Check out Doran Graham’s experiences during the 2015 Nepal earthquakes.

This is a devastating blow to Nepal and their people. Aid from both the Nepalese Army and the Indian Army has stretched across Nepal. UNESCO has been focused on restoring World Heritage Sites.

45. Post Communist Cambodia

Lost of people don’t know the history of Cambodia. Most travelling through this beautiful country will head to Phnom Phen – the capital city. It’s here you’ll find a tourist attraction that will surely bring a tear to your cheek – The Killing Fields.

I wont go into detail about the killing fields, as it’s something that must be experienced for yourself, but lets talk about what caused it and one thing that still blows my mind about Cambodia.

Cambodia’s monument to the lives lost at the Killing Fields – Phnom Phen

The Khmer Rouge (Red Khmers) was a communist political party that arose in Cambodia in the late 1970s. After a brief rise in popularity, the leaders of the Khmer Rouge incited a full militarised take over of Phnom Phen by the working class with leader Pol Pot at the head of the charge. In the years after the brutal invasion on Phnom Phen, the intellectual class including most doctors, engineers and scientists were jailed, tortured and slaughtered. This accounted to roughly 2,000,000 lives and almost one-quarter of the population of Cambodia at the time.

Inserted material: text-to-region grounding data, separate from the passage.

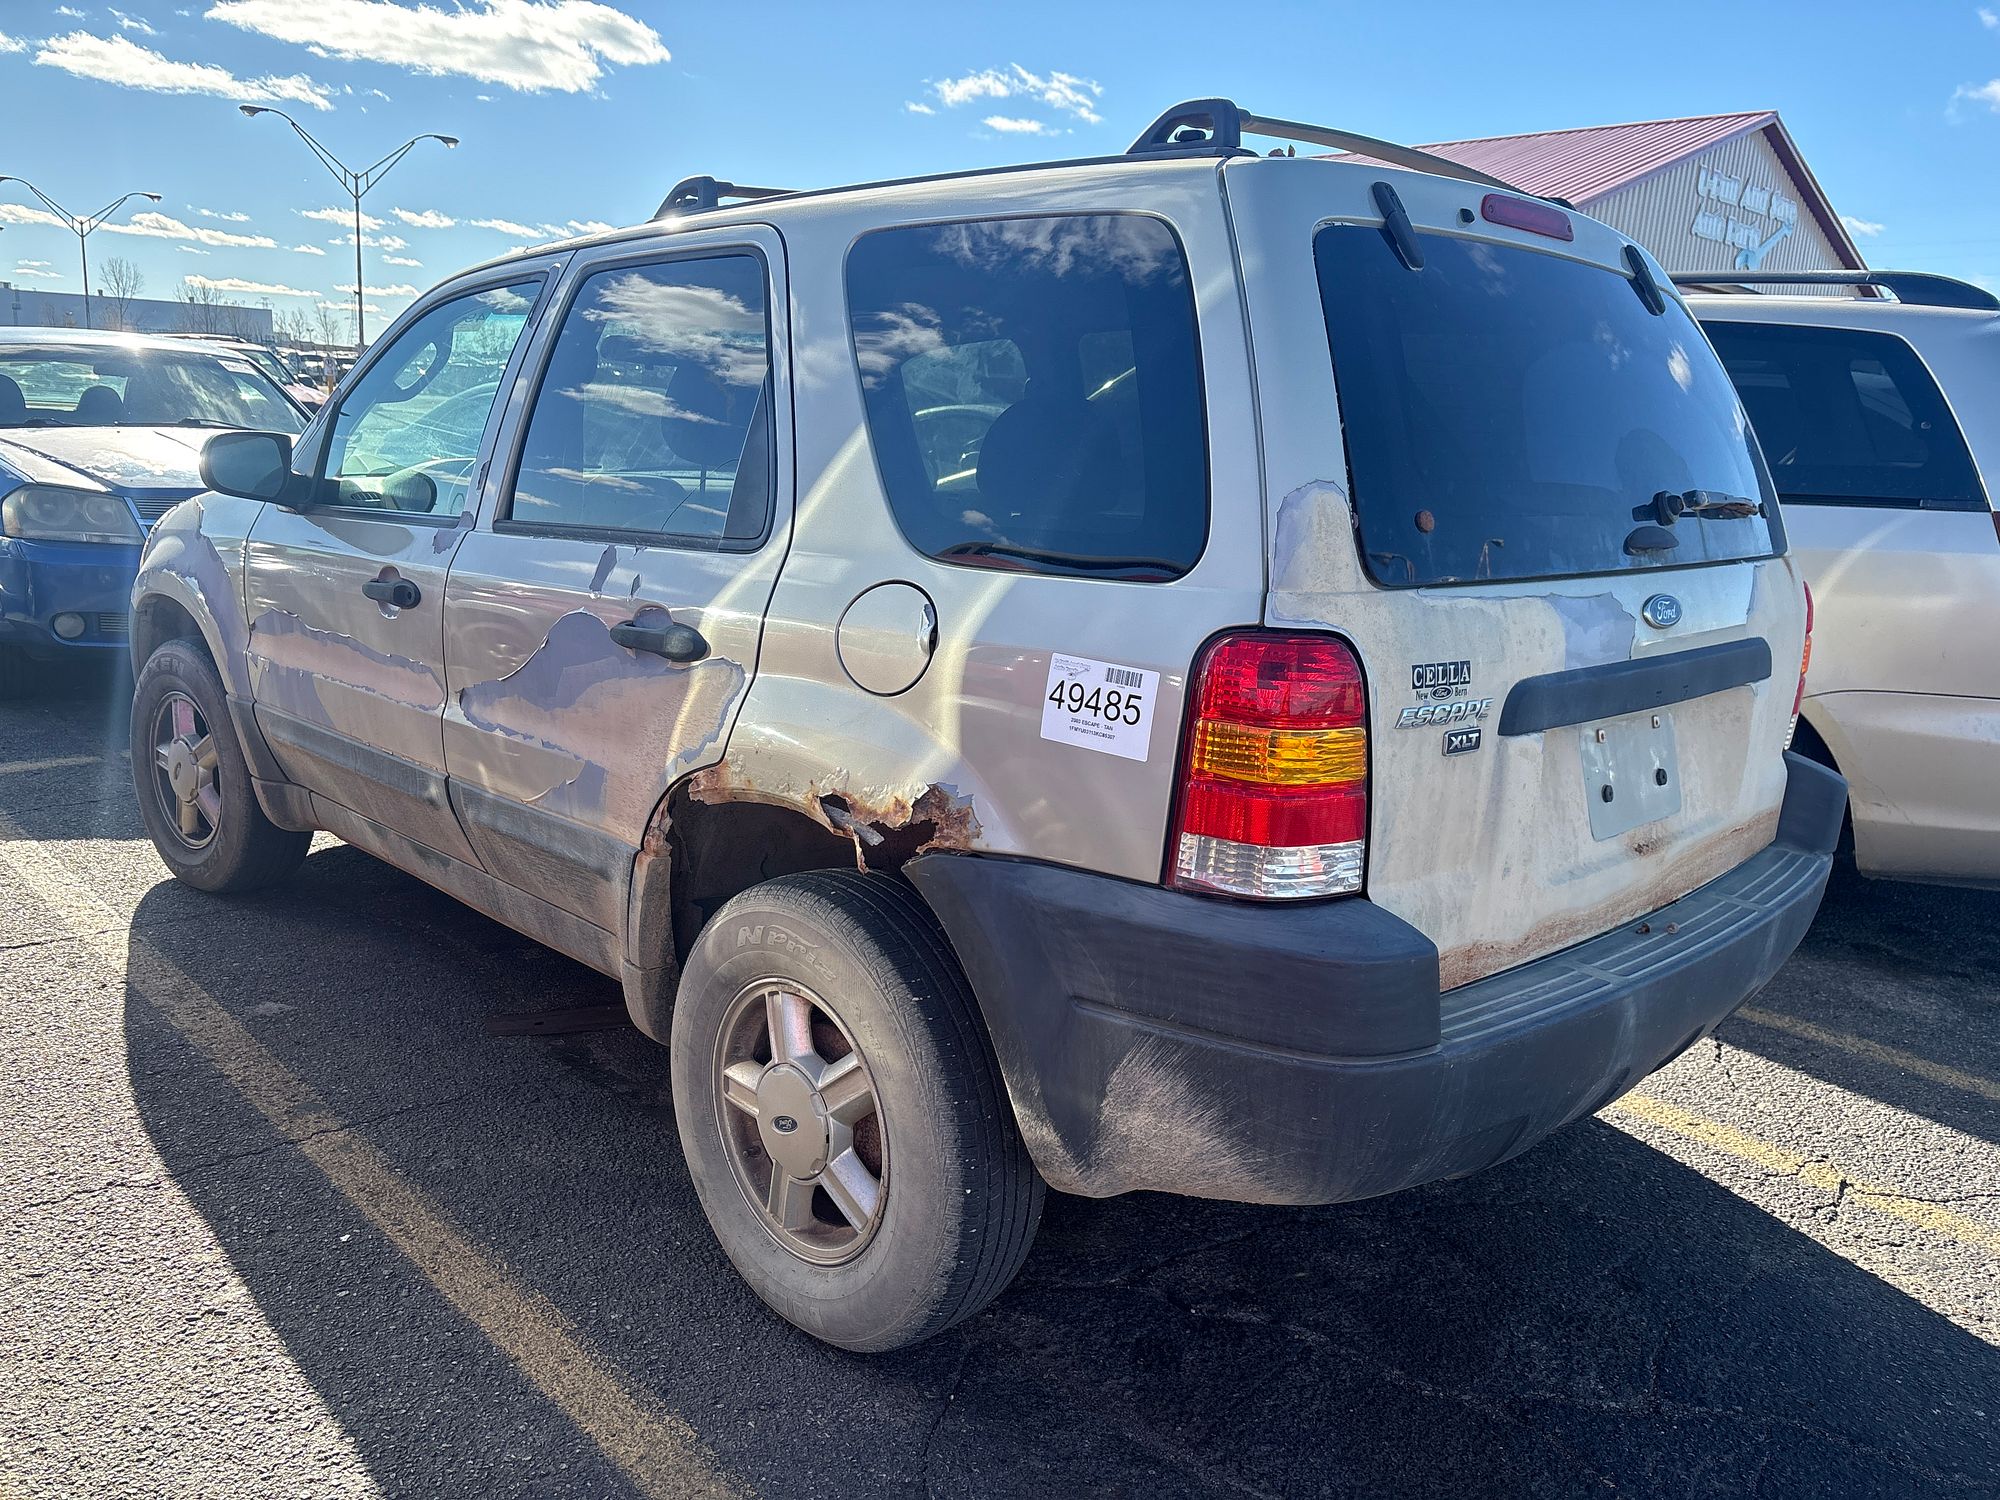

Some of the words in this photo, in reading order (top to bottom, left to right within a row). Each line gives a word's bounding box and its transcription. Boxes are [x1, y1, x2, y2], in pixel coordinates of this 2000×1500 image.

[1656, 600, 1677, 621] Ford
[1411, 661, 1471, 688] CELLA
[1048, 680, 1142, 725] 49485
[1416, 691, 1429, 701] New
[1454, 686, 1468, 696] Bern
[1081, 719, 1100, 728] ESCAPE
[1395, 698, 1495, 729] ESCAPE
[1449, 733, 1479, 750] XLT

This event in Cambodia’s history shattered the entire country and they are just trying to emerge from the ruins in the last decade or so. One of the strangest things about this, aside from the resulting corruption, is the idea that many of the people who were instruments in the mass executions and the coup itself are still walking the streets of Phnom Phen today. After the fall of the short-lived Khmer Rouge, many went into hiding after the Vietnam Army swept through Cambodia to eliminated Pol Pot and the Khmer Rouge. From abandoned towns and buildings, to the lack of upper-class intellectuals, the after effects of the Khmer Rouge can be seen through-out the country.

46. 70% of your money leaves Thailand

According to the Thai Institute for Development and Administration, roughly 70% of all money spent in South East Asia by tourists ends up leaving to foreign investment. This is described as leakage and is one of the sad truths about the current tourism industries. It is important to remember that when travelling through this part of the world, your money is best spent in the local independent businesses.

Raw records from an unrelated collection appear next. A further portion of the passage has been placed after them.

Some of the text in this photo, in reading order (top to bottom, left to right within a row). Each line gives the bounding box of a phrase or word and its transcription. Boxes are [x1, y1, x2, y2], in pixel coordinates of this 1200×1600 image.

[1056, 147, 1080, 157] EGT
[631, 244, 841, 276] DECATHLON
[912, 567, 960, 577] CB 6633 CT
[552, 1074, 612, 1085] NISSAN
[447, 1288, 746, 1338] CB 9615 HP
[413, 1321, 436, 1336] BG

47. Watering one gold course uses as much water as needed by 60,000 each year

It’s no secret that the tourism industry in South East Asia is not doing any good for a big ol’ planet. According to UK site Tourism Concern, the water used to water one golf course is most than the uses of 60,000 rural villages in a year.

One of the many Full Moon parties in South East Asia.

48. Full Moon Parties create 11 tonnes of rubbish

Another study by TC shows that each of Thailand’s infamous Full Moon Parties creates at least 11 tonnes of rubbish each MONTH. Only until 2011 did the Thai government implement trash cans on the beach and around the bars, though this does not stop a lot of that rubbish from just flowing into the ocean.

49. Human Trafficking

A 2012 study has found that in South Asia and the Pacific, minors account for at least 40% of all victims of human trafficking. At least 1/3rd of all customers of this horrible trade were reported as being ‘forgien’.

50. What have I missed?

It’s definitely true that I have missed something. If you think there’s anything notable to should be included in this post, leave a comment below.

It’s important to remember the effects that we have on a country as tourists.